As for the code snippets and some perf data:

Range.formulas Approach:
        appendTable = <T extends TableReference>(table: T, data: any[][]): Common.Thennable<T> => {
            if (!data.length) return OfficeExtension.Promise.resolve(table);

            let perfCounter = Date.now();
            return Excel.run(ctx => {
                let xlTable = ctx.workbook.tables.getItem(table.id);
                let lastRow = xlTable.getDataBodyRange().getLastRow();
                lastRow.load("rowIndex");
                return ctx.sync()
                    .then(() => {
                        let startRow = lastRow.rowIndex > 2 ? lastRow.rowIndex + 1 : 2;
                        let targetRangeAddr = RangeRef.from(startRow, 0, startRow + data.length - 1, data[0].length - 1).getRelativePath();
                        let targetRange = xlTable.worksheet.getRange(targetRangeAddr);
                        targetRange.formulas = data;
                        return ctx.sync();
                    }).then(() => {
                        let span = (Date.now() - perfCounter) / 1000;
                        this.log.info("Time taken for append (s): " + span);
                        return table;
                    });
            }).catch(err => {
                return this.rejectWithFormattedError(err);
            });
        }

addRowsAsync Approach:

        appendTable = <T extends TableReference>(table: T, data: any[][]): Common.Thennable<T> => {
            if (!data.length) return OfficeExtension.Promise.resolve(table);

            let perfCounter = Date.now();
            let d = this.$q.defer<T>();
            Office.context.document.bindings.getByIdAsync(table.key, null, findBindingResult => {
                if (findBindingResult.status === Office.AsyncResultStatus.Succeeded && findBindingResult.value) {
                    let binding: Office.TableBinding = findBindingResult.value;
                    binding.addRowsAsync(
                        data,
                        { coercionType: Office.CoercionType.Table }, 
                        addRowsResult => {
                            if (addRowsResult.status === Office.AsyncResultStatus.Succeeded) {
                                let span = (Date.now() - perfCounter) / 1000;
                                this.log.info("Time taken for append (s): " + span);
                                d.resolve(table);
                            } else {
                                d.reject(addRowsResult.error);
                            }
                        }
                    );
                } else {
                    d.reject(findBindingResult.error);
                }
            });
            return d.promise
        };

Writing 2627 rows in chunks.
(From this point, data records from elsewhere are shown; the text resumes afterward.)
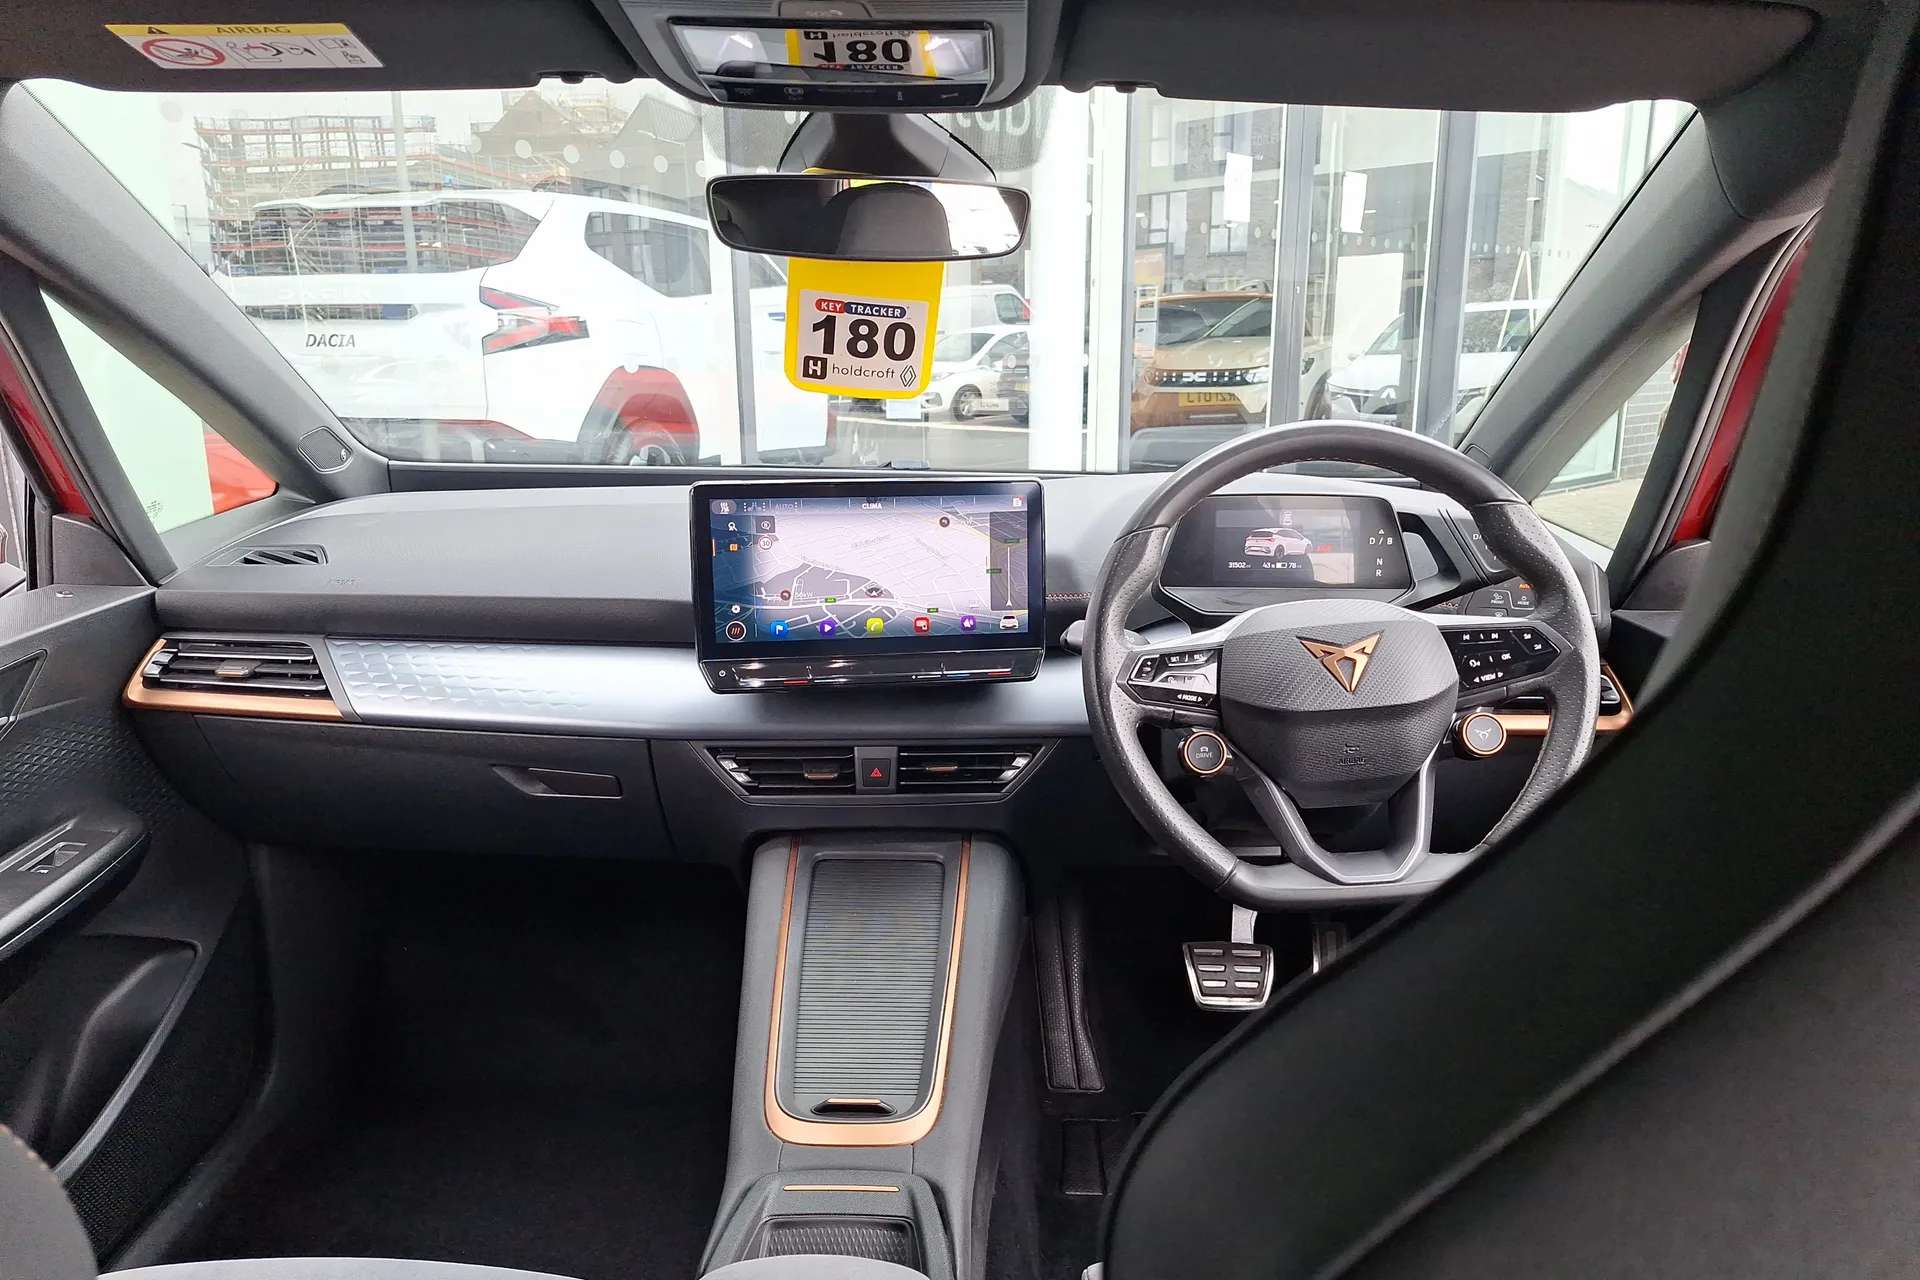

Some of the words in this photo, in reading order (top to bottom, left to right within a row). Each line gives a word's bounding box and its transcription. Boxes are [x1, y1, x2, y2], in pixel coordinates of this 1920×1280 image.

[216, 25, 291, 34] AIRBAG
[819, 300, 842, 312] KEY
[850, 304, 901, 318] TRACKER
[305, 333, 356, 348] DACIA
[812, 314, 916, 361] 180
[832, 363, 895, 379] holdcroft
[862, 502, 883, 510] CLIMA
[1369, 537, 1376, 545] D
[1228, 561, 1246, 569] 31502
[1376, 558, 1383, 566] N
[1375, 569, 1382, 577] R
[1480, 673, 1496, 682] VIEW
[1195, 752, 1213, 760] DRIVE
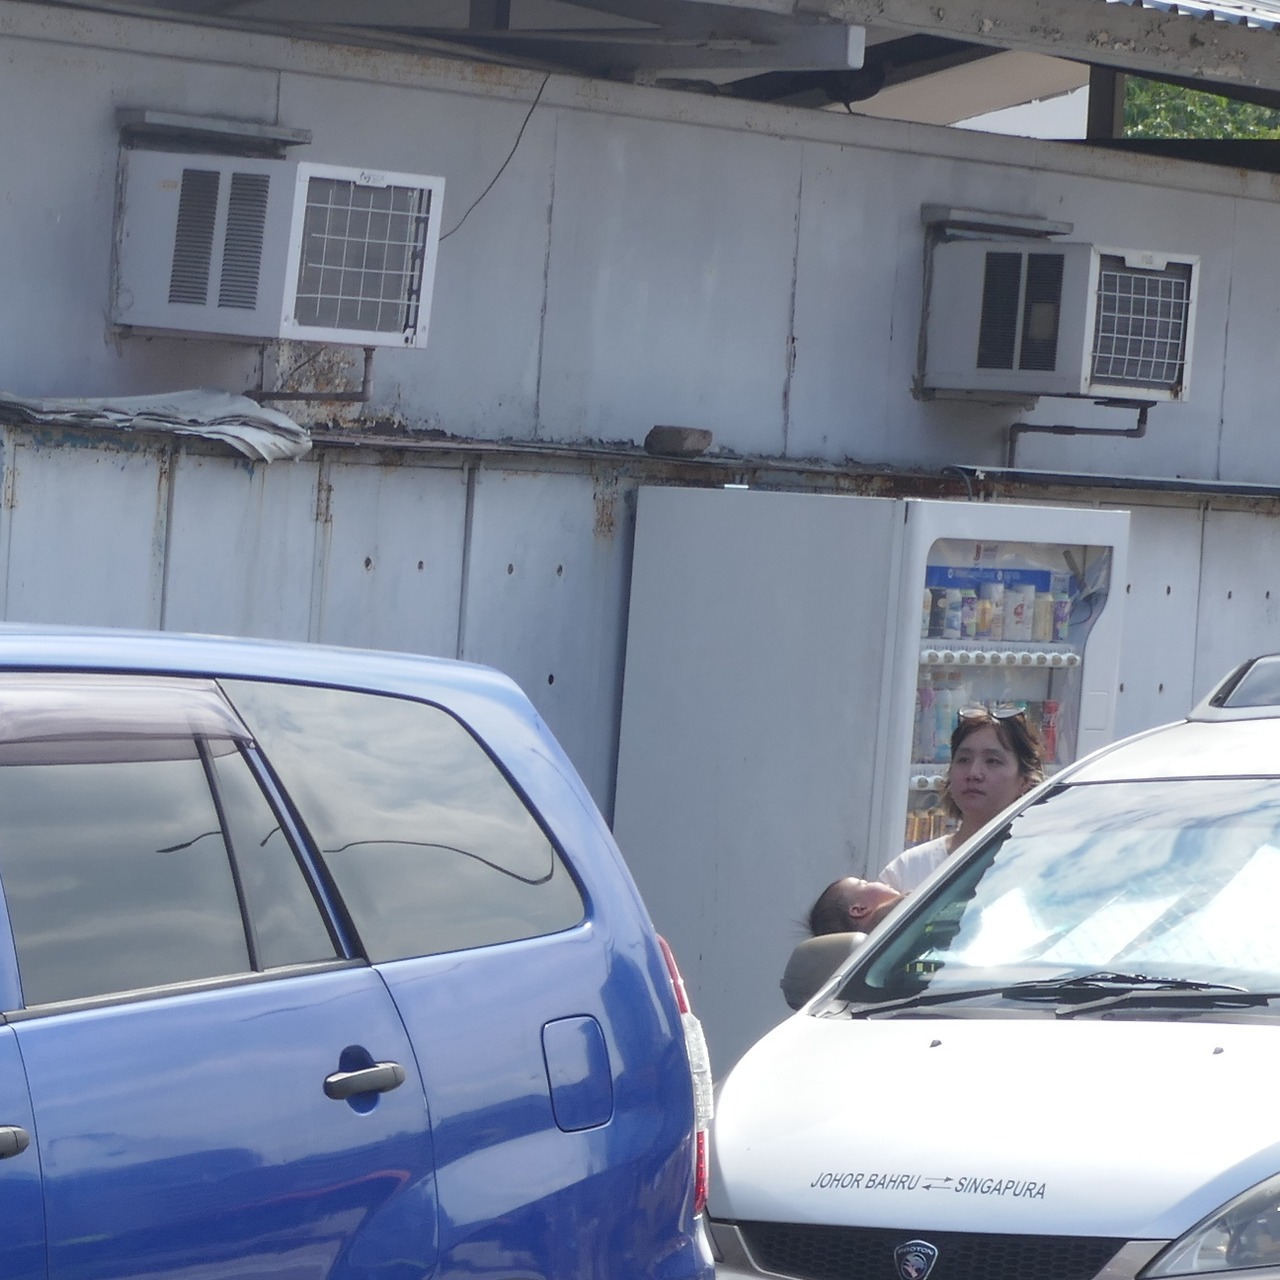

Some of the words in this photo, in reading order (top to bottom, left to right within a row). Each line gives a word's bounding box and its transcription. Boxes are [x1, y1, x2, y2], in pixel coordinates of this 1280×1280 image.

[810, 1172, 865, 1189] JOHOR
[864, 1173, 922, 1191] BAHRU
[954, 1177, 1047, 1199] SINGAPURA
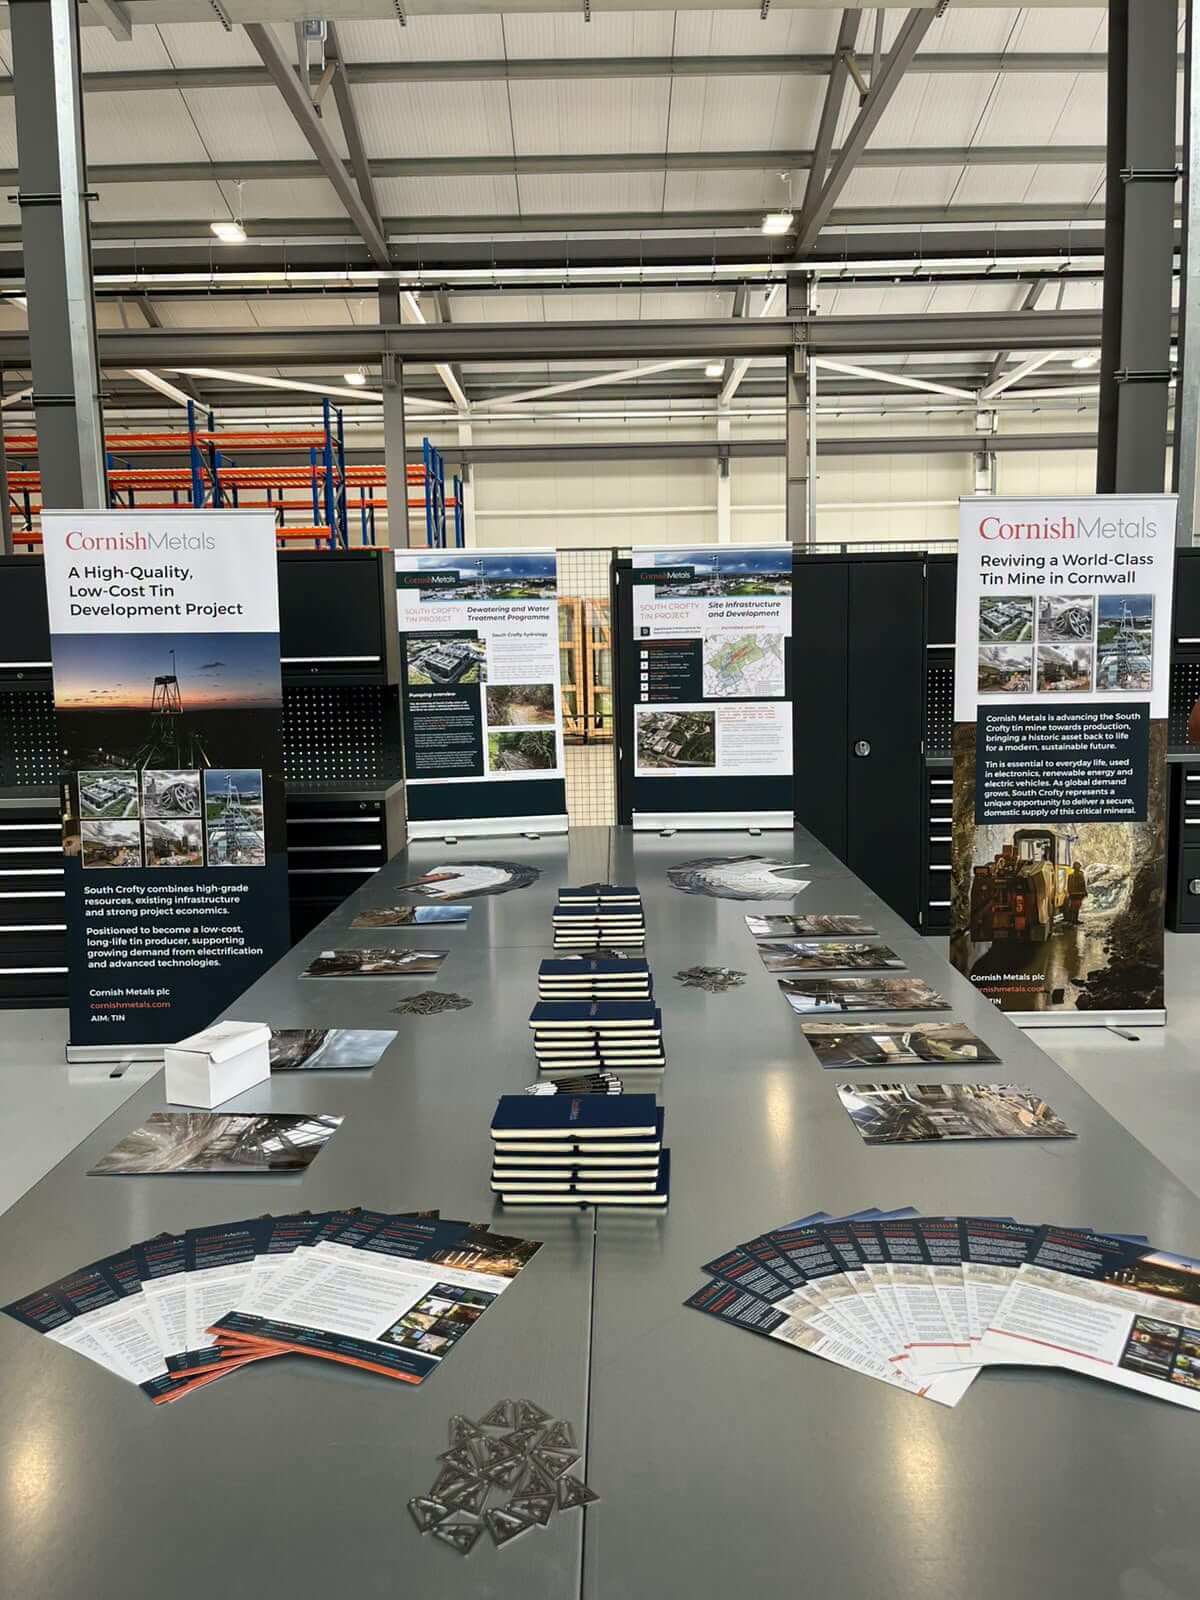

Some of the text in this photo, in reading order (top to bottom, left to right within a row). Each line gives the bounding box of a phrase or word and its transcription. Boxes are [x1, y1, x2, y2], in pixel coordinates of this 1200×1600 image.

[979, 516, 1157, 540] CornishMetals
[65, 531, 215, 550] CornishMetals
[981, 553, 1153, 568] Reviving a World-Class
[69, 566, 193, 580] A High-Quality,
[980, 571, 1135, 585] Tin Mine in Cornwall
[69, 585, 174, 597] Low-Cost Tin
[71, 603, 242, 618] Development Project
[1056, 714, 1098, 722] advancing
[986, 725, 1010, 733] Crofty
[986, 734, 1019, 743] bringing
[1056, 759, 1091, 768] everyday
[1087, 770, 1115, 778] energy
[1065, 779, 1090, 787] global
[1038, 789, 1064, 798] Crofty
[984, 799, 1011, 808] unique
[1013, 799, 1061, 808] opportunity
[1022, 808, 1049, 816] supply
[115, 886, 145, 894] Crofty
[147, 885, 194, 893] combines
[196, 884, 248, 894] high-grade
[136, 896, 172, 906] existing
[174, 896, 240, 904] infrastructure
[106, 908, 138, 918] strong
[140, 907, 173, 917] project
[86, 926, 138, 936] Positioned
[87, 937, 127, 947] long-life
[192, 936, 244, 947] supporting
[88, 947, 263, 958] growing demand from electrification
[88, 960, 107, 968] and
[109, 959, 155, 968] advanced
[1032, 973, 1045, 982] plc
[90, 988, 170, 998] Cornish Metals plc
The chunks are differently sized depending on the data coming from the REST API. So comparing chunk to chunk on the same approach may not be useful. The times logged in seconds are (for selected chunks)

| Chunk #   | Range Approach    | Async Approach
---------------------------------------------
| batch 1   | 5.46          | 0.192
| batch 2   | 12.844        | 0.191
| batch 12  | 126.96        | 0.924
| batch 14  | 134.6         | 1.05
| batch 15  | 160.57        | 1.12
| batch 19  | 256.17        | 1.359
| batch 20  | 278.79        | 1.436

Hope this gives you enough information to troubleshoot

tong-1324 commented 6 years ago

@sameera

Sorry for the late reply. I would like to let you know that we have made some great progress on the performance issue at the past two weeks.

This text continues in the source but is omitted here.